While instance arguments behave a bit like type classes, note that they will only commit to an instance if there's only one type correct version in scope and they will not perform a recursive search:
Instance argument resolution is not recursive. As an example,
consider the following "parametrised instance":
eq-List : {A : Set} → Eq A → Eq (List A)
eq-List {A} eq = record { equal = eq-List-A }
where
eq-List-A : List A → List A → Bool
eq-List-A [] [] = true
eq-List-A (a ∷ as) (b ∷ bs) = equal a b ∧ eq-List-A as bs
eq-List-A _ _ = false
Assume that the only Eq instances in scope are eq-List and eq-ℕ.
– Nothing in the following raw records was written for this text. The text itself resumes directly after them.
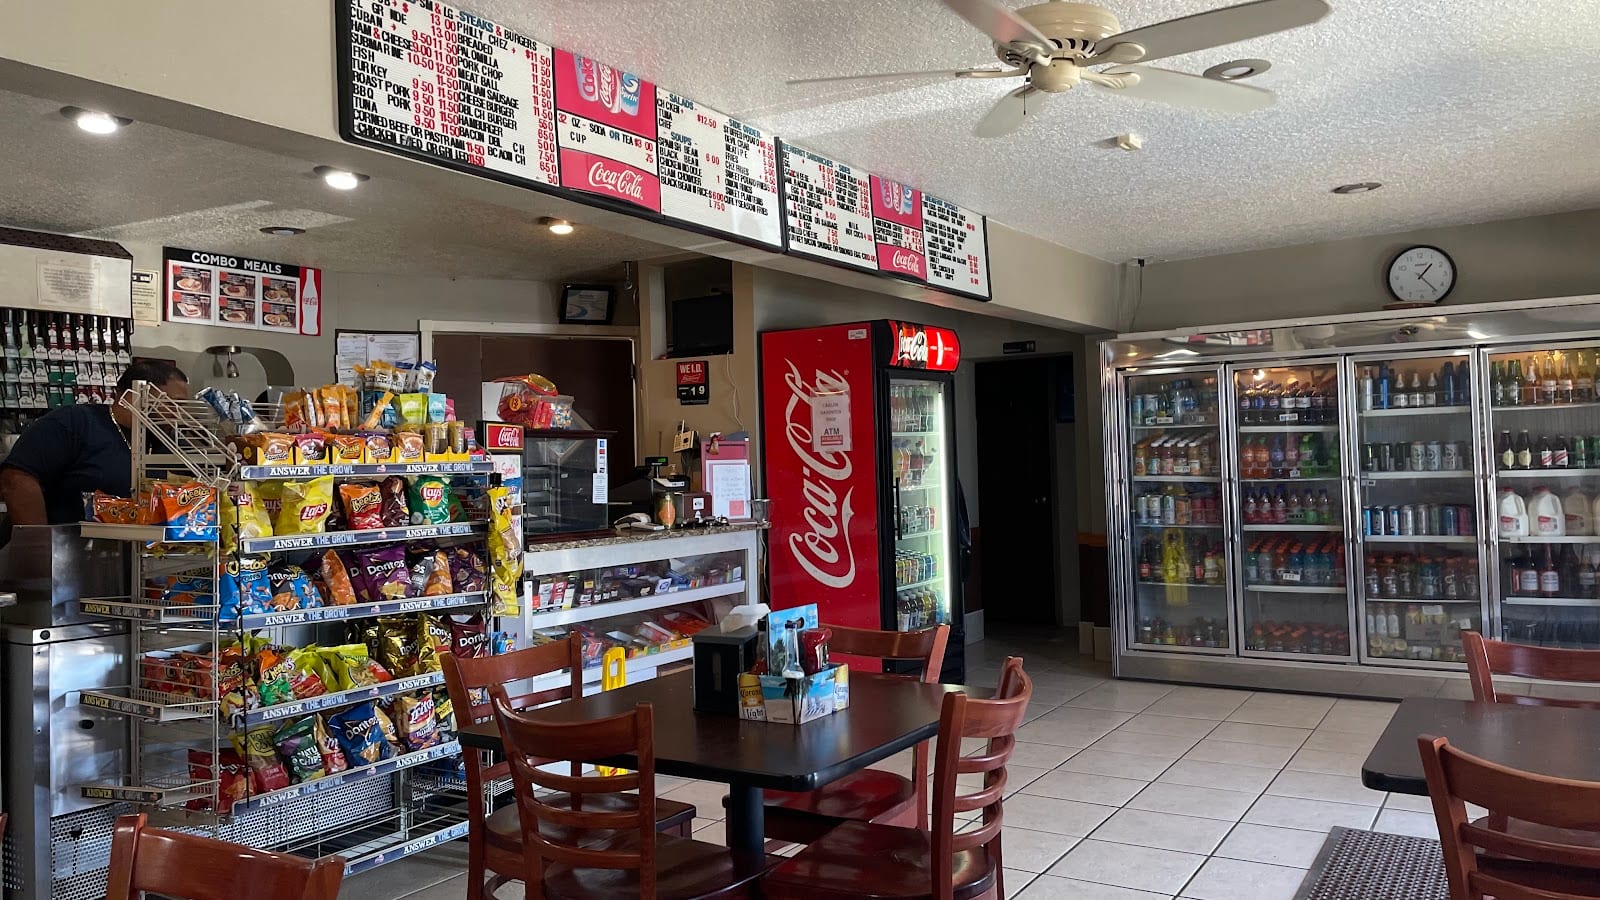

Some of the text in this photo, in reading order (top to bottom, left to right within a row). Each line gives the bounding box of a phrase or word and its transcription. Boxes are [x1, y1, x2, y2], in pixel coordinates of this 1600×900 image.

[351, 7, 382, 28] CUBAN
[434, 2, 441, 14] &
[443, 5, 453, 19] LG
[351, 19, 371, 36] HAM
[373, 27, 380, 38] &
[381, 30, 413, 51] CHEESE
[457, 21, 507, 50] PHILLY CHEZ
[459, 10, 536, 51] STEAKS & BURGERS
[353, 45, 374, 62] FISH
[457, 33, 492, 56] BREADED
[353, 57, 387, 79] TURKEY
[457, 56, 479, 73] PORK
[481, 64, 503, 82] CHOP
[353, 70, 383, 90] ROAST
[385, 80, 410, 99] PORK
[458, 68, 499, 91] MEAT BALL
[353, 83, 373, 100] BBQ
[387, 94, 410, 111] PORK
[354, 96, 377, 113] TUNA
[458, 79, 519, 109] ITALIAN SAUSAGE
[669, 93, 693, 110] SALADS
[458, 103, 517, 131] DBL CH BURGER
[458, 114, 503, 137] HAMBURGER
[658, 117, 671, 130] CHEF
[354, 109, 387, 128] CORNED
[389, 118, 408, 134] BEEF
[410, 125, 423, 138] OR
[424, 129, 465, 150] PASTRAMI
[358, 122, 396, 143] CHICKEN
[459, 126, 484, 143] BACON
[488, 135, 502, 148] DBL
[558, 114, 634, 146] 32 OZ SODA OR TEA
[570, 132, 587, 144] CUP
[671, 131, 692, 146] SOUPS
[515, 154, 525, 165] CH
[659, 146, 698, 166] BLACK BEAN
[588, 161, 644, 200] Coca-Cola
[660, 165, 701, 186] CLAM CHOWDER
[192, 252, 282, 274] COMBO MEALS
[898, 329, 928, 361] Coca-Cola
[680, 364, 690, 374] WE
[824, 428, 840, 436] ATM
[270, 466, 354, 476] ANSWER THE GROWL
[406, 463, 474, 472] ANSWER THE GROWL
[177, 486, 210, 506] Cheetos
[274, 535, 357, 549] ANSWER THE GROWL
[406, 526, 472, 538] ANSWER THE GROWL
[366, 560, 405, 576] Doritos
[84, 603, 110, 614] ANSWER
[400, 596, 468, 610] ANSWER THE GROWL
[265, 608, 350, 626] ANSWER THE GROWL
[398, 678, 432, 690] ANSWER
[84, 694, 109, 708] ANSWER
[263, 695, 348, 720] ANSWER THE GROWL
[346, 716, 382, 740] Doritos
[396, 748, 444, 768] ANSWER THE
[86, 788, 112, 799] ANSWER
[259, 776, 346, 808] ANSWER THE GROWL
[404, 832, 450, 855] ANSWER THE
Then the following code does not type-check:
test = equal (1 ∷ 2 ∷ []) (3 ∷ 4 ∷ [])
However, we can make the code work by constructing a suitable
instance manually:
test′ = equal (1 ∷ 2 ∷ []) (3 ∷ 4 ∷ [])
where eq-List-ℕ = eq-List eq-ℕ
By restricting the "instance search" to be non-recursive we avoid
introducing a new, compile-time-only evaluation model to Agda.
(source)
Now, as for the second part of the question: I'm not exactly sure what your final goal is, the structure of the code ultimately depends on what you want to do once you construct the number. That being said, I wrote down a small program that allows you to enter roman numerals without going through the explicit data type (forgive me if I didn't catch your intent clearly):
A roman numeral will be a function which takes a pair of natural numbers - the value of previous numeral and the running total. If it's smaller than previous numeral, we'll subtract its value from the running total, otherwise we add it up. We return the new running total and value of current numeral.
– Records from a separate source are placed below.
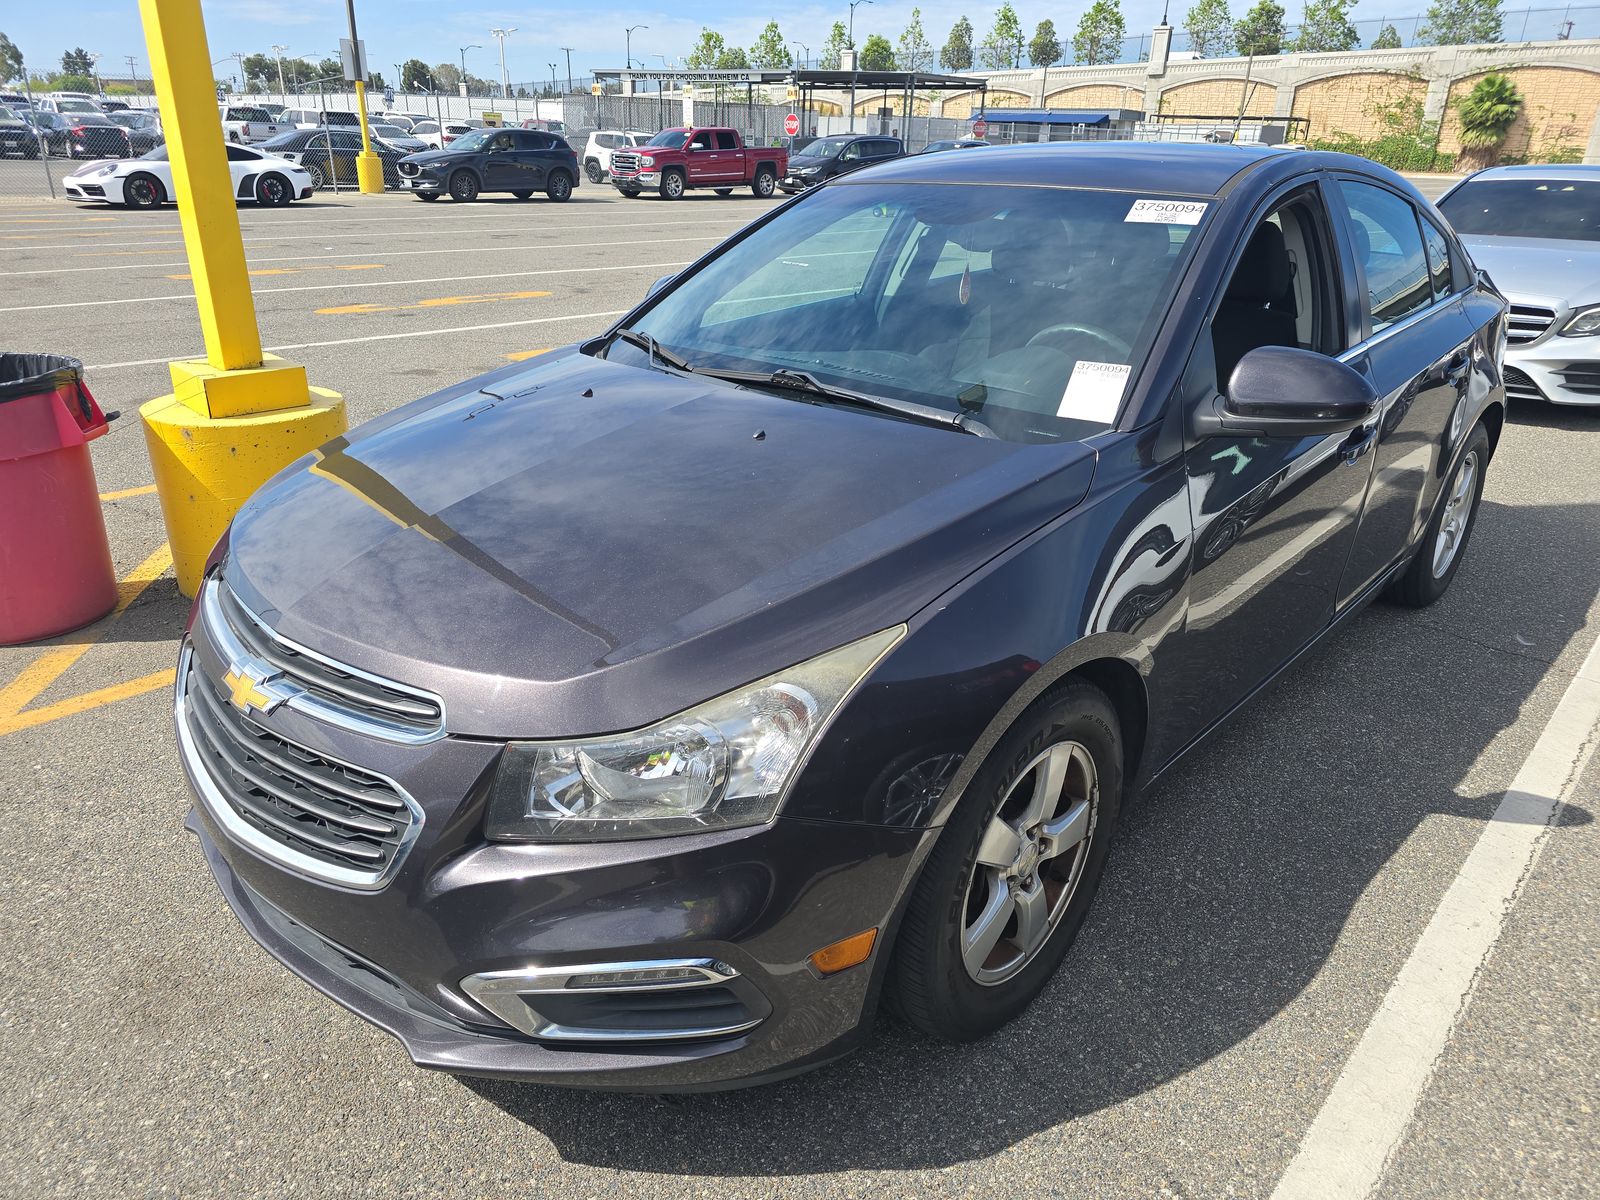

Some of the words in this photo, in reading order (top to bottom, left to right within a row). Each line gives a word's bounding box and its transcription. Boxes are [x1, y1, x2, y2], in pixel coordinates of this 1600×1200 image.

[628, 73, 648, 81] THANK
[649, 73, 661, 81] YOU
[662, 73, 674, 82] FOR
[675, 73, 707, 82] CHOOSING
[708, 73, 739, 82] MANHEIM
[740, 73, 750, 82] CA
[786, 120, 799, 128] STOP
[1134, 201, 1205, 214] 3750094
[1077, 362, 1129, 374] 3750094
Of course, this is far from perfect, because there's nothing to prevent us from typing I I X and we end up evaluating this as 10. I leave this as an exercise for the interested reader. :)
Imports first (note that I'm using the standard library here, if you do not want to install it, you can just copy the definition from the online repo):
open import Data.Bool
open import Data.Nat
open import Data.Product
open import Relation.Binary
open import Relation.Nullary.Decidable
This is our numeral factory:
_<?_ : Decidable _<_
m <? n = suc m ≤? n
makeNumeral : ℕ → ℕ × ℕ → ℕ × ℕ
makeNumeral n (p , c) with ⌊ n <? p ⌋
... | true = n , c ∸ n
... | false = n , c + n
And we can make a few numerals:
infix 500 I_ V_ X_
I_ = makeNumeral 1
V_ = makeNumeral 5
X_ = makeNumeral 10
Next, we have to apply this chain of functions to something and then extract the running total. This is not the greatest solution, but it looks nice in code:
⟧ : ℕ × ℕ
⟧ = 0 , 0
infix 400 ⟦_
⟦_ : ℕ × ℕ → ℕ
⟦ (_ , c) = c
And finally:
test₁ : ℕ
test₁ = ⟦ X I X ⟧
test₂ : ℕ
test₂ = ⟦ X I V ⟧
Evaluating test₁ via C-c C-n gives us 19, test₂ then 14.
Of course, you can move these invariants into the data type, add new invariants and so on.